In December 2021, The Sunday Times reported that GoFundMe had enabled the donation of over €300,000 to anti-vaccine campaigns and challenges to vaccine certificates.

In January 2023, the British disinformation analysis organization Logically reported that GoFundMe had funneled over $330,000 in donations to fundraisers for injuries supposedly caused by the COVID-19 vaccine.

===Jean Messiha's fundraising===

On Tuesday, 27 June 2023, 17-year-old Nahel Merzouk was killed by a French police officer after he failed to comply with traffic stops.

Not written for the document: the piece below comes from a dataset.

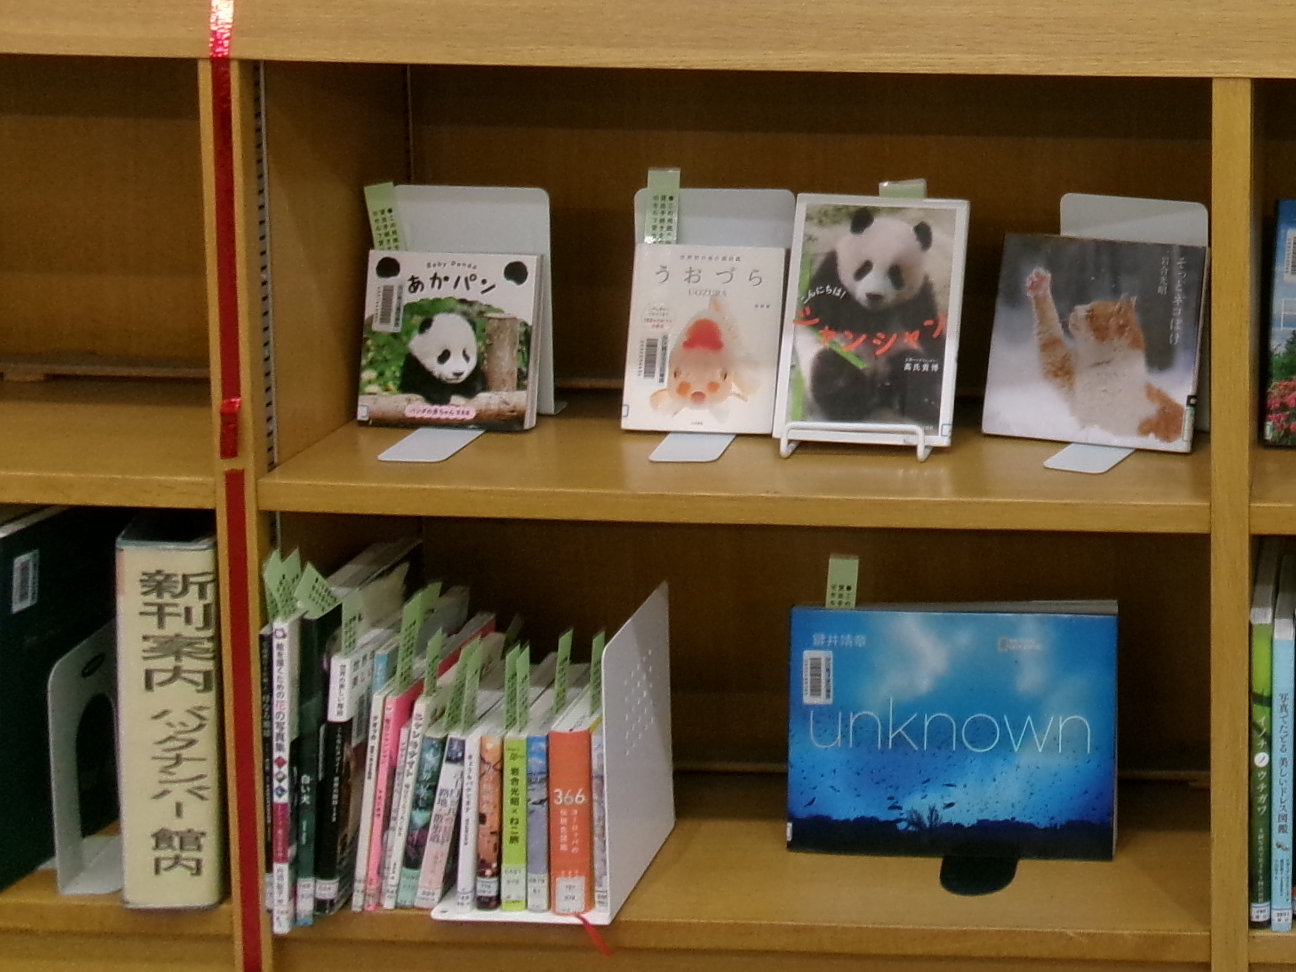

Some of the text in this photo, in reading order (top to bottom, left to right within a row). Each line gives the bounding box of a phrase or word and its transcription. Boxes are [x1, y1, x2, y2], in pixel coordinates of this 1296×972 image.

While the police officer has been arrested on suspicion of "voluntary homicide by a person in authority", far-right activist Jean Messiha organised a controversial crowdfunding in favour of the police officer's family which reached €1.6 million. The killing sparked widespread protests and riots in France. Nahel Merzouk's family has filed a complaint against Jean Messiha.

===Grayzone donations freeze===

In August 2023, GoFundMe froze more than $90,000 from 1,100 contributors to The Grayzone, citing unspecified "external concerns". Grayzone founder Max Blumenthal said he believed the concerns were political and related to the platform's coverage of the Russian invasion of Ukraine.

===Alleged shooter of Brian Thompson===
In December 2024, multiple campaigns for the legal defense fund of the alleged shooter involved in the killing of UnitedHealthCare CEO Brian Thompson were removed. However, a GiveSendGo fundraiser remained live, and has raised over $125,000 as of December 16.

===Abundant Life Christian School shooting===
A fundraiser campaign for victims of the Abundant Life Christian School shooting was started by April Landphier, a parent of a student of the Abundant Life Christian School sister school Lighthouse Christian School. It received $80 in its first 24 hours. As of December 18, it has raised $260.

== List of projects ==

Unless otherwise stated, the following amounts are in US dollars. Days raised is the number of days between Date raised and As of.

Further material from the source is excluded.